Harrow and Coram partnership over adoption

Harrow has turned round its adoption placement success rate thanks to a partnership with Coram.

In 2006, Harrow placed only 3% of its looked-after children with adoptive families, compared with neighbouring councils, most of whom were at the 9% mark.

In an effort to turn this problem around, Harrow brought in private adoption provider Coram to work with the authority to help run adoption services. According to research at Bristol University, the result was an astounding rise – Harrow now places 20% of its looked-after children in adoptive families and says it has radically accelerated the placement process.

Paul Clarke, director of children’s services in Harrow, says the idea to team up with Coram came when the department found itself short-staffed and short of good candidates.

“We were a middle-of-the-road service and knew we wanted to improve,” he says. “We advertised for staff, but just weren’t getting the calibre of applicants we hoped for. So we had a meeting to talk about why this was the case and concluded that the highly skilled staff in the area of adoption were going to be more likely to go to an agency, which would have that many more resources than a London borough such as ourselves. So the decision was easy – we had to find a way to tap that expertise.”

Obvious choice

Clarke says Coram was an obvious choice for Harrow not only because of its good reputation, but also because its offices are local to Harrow children’s services.

While Clarke is reluctant to reveal how much the local authority is paying Coram, he emphasises that the outlay represents a small saving for the department.

Jan Kaniuk, head of adoption at Coram, says part of the saving derives from the speed with which children are put through the adoption process in Harrow.

“The key is that Coram identifies adopters at an early stage,” she says. “We get on the case when the court process for the child is started, so by the time the court order is made, we usually have a family in place, waiting. This takes away a huge amount of delays.”

While all parties involved report the programme has worked well, inevitably, there were some initial difficulties and growing pains.

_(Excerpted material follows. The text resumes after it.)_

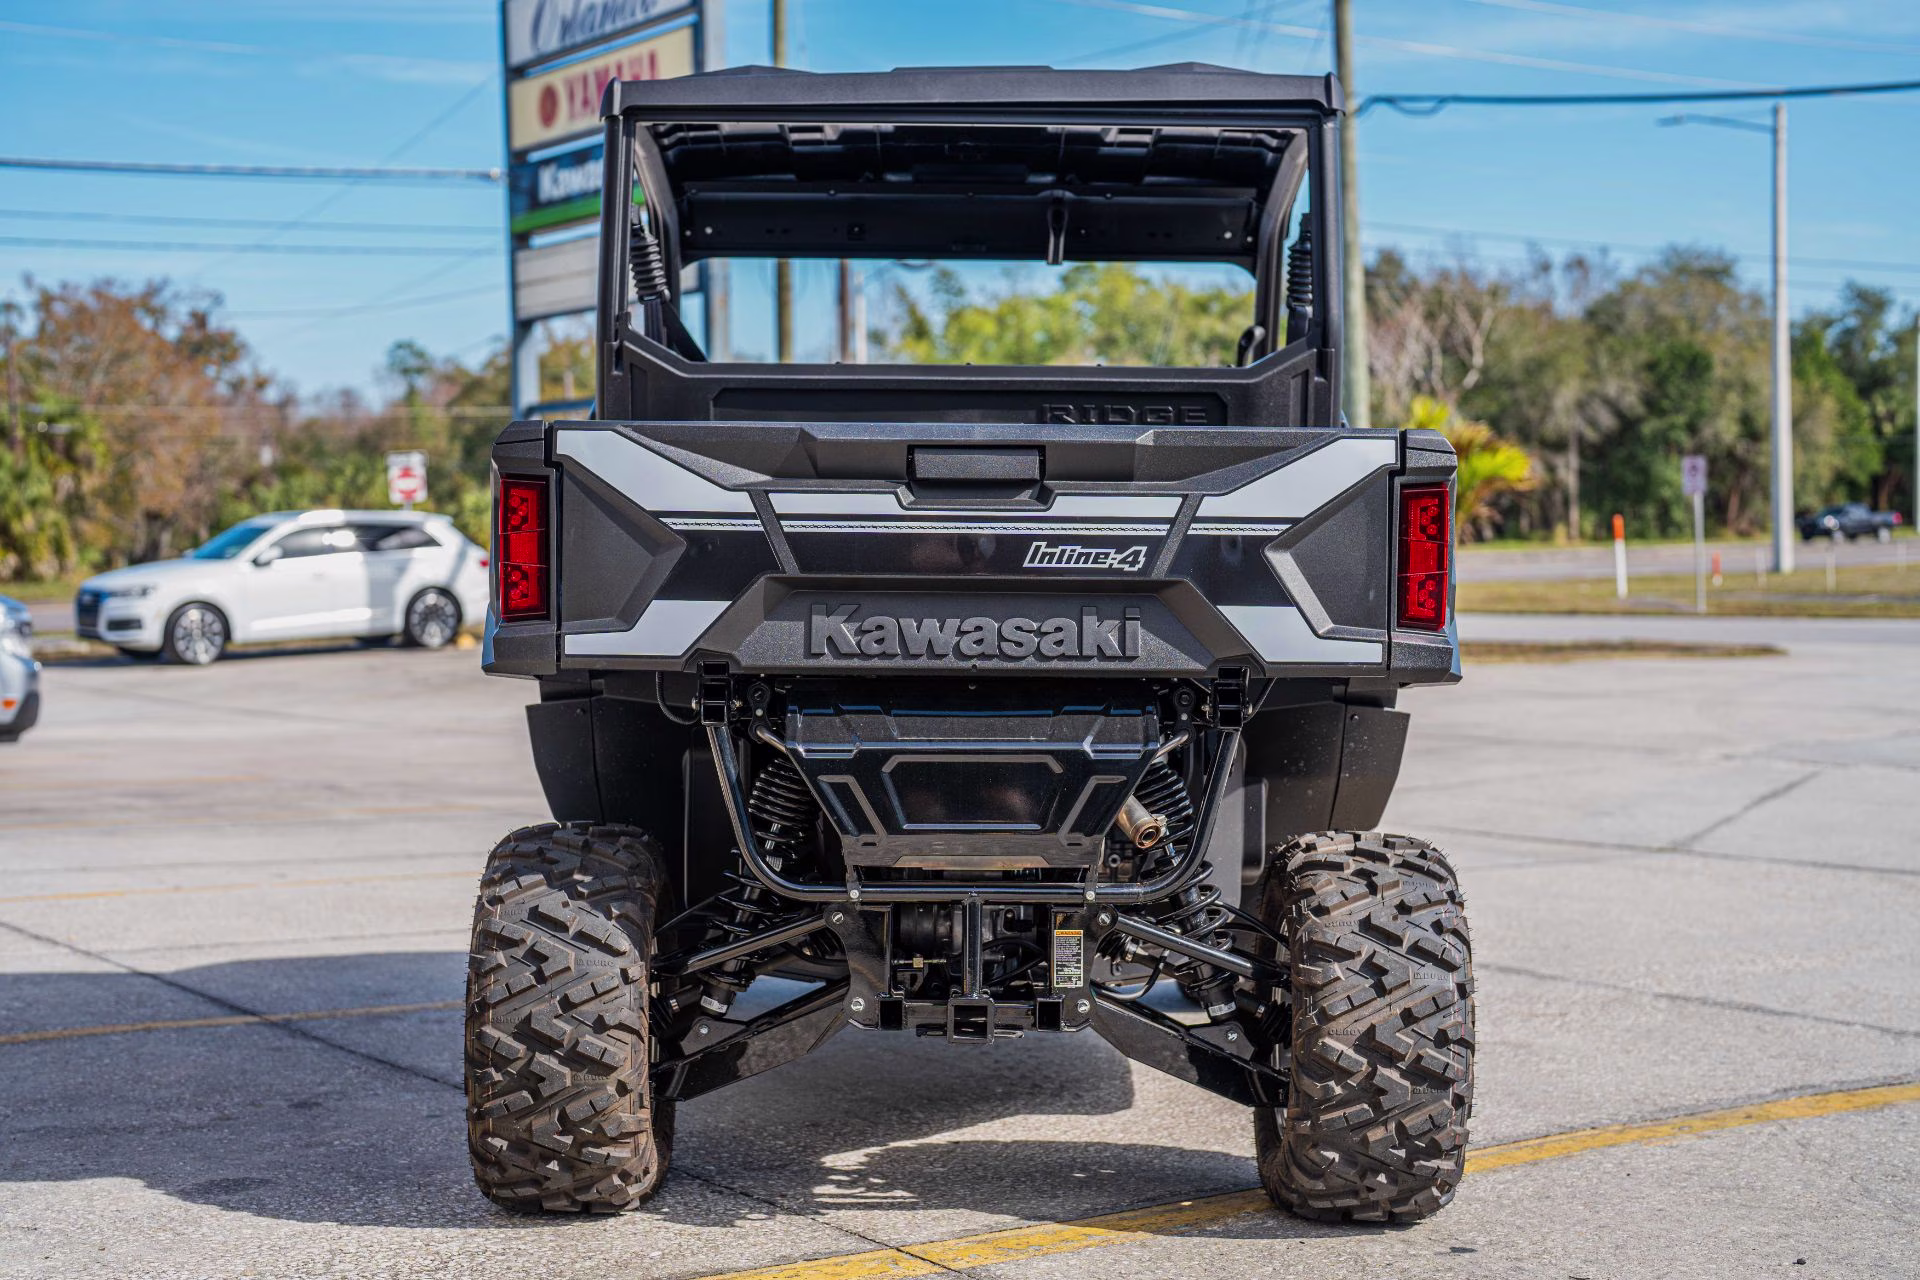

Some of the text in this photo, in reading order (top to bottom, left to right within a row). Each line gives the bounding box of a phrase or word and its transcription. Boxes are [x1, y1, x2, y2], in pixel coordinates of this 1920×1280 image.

“Introducing new ways of working is always challenging and both sides have had to get to know each other,” says Kaniuk. “Both sides made a commitment to good communications though, and we now work very well together.”

Clarke says that since Harrow was short-staffed to begin with, nobody was displaced by the introduction of Coram, which meant the transition had been relatively smooth. He emphasises that the department had not outsourced their adoption services – rather, the two organisations were working together.

“It’s very much a partnership, which is why we had to make sure that when the programme started one group didn’t come in and say, ‘We’re the pros and you’re not doing a good enough job’,” he says. “We’ve made sure that both sides are invested in positive outcomes.”

Partnership approach is key

Julie Selwyn, the researcher at Bristol University who conducted the study on this programme’s success, says the partnership approach had been the key to the improvement.

“Coram did not take over,” she says, adding that outsourcing functions such as adoption have not always proved successful for councils.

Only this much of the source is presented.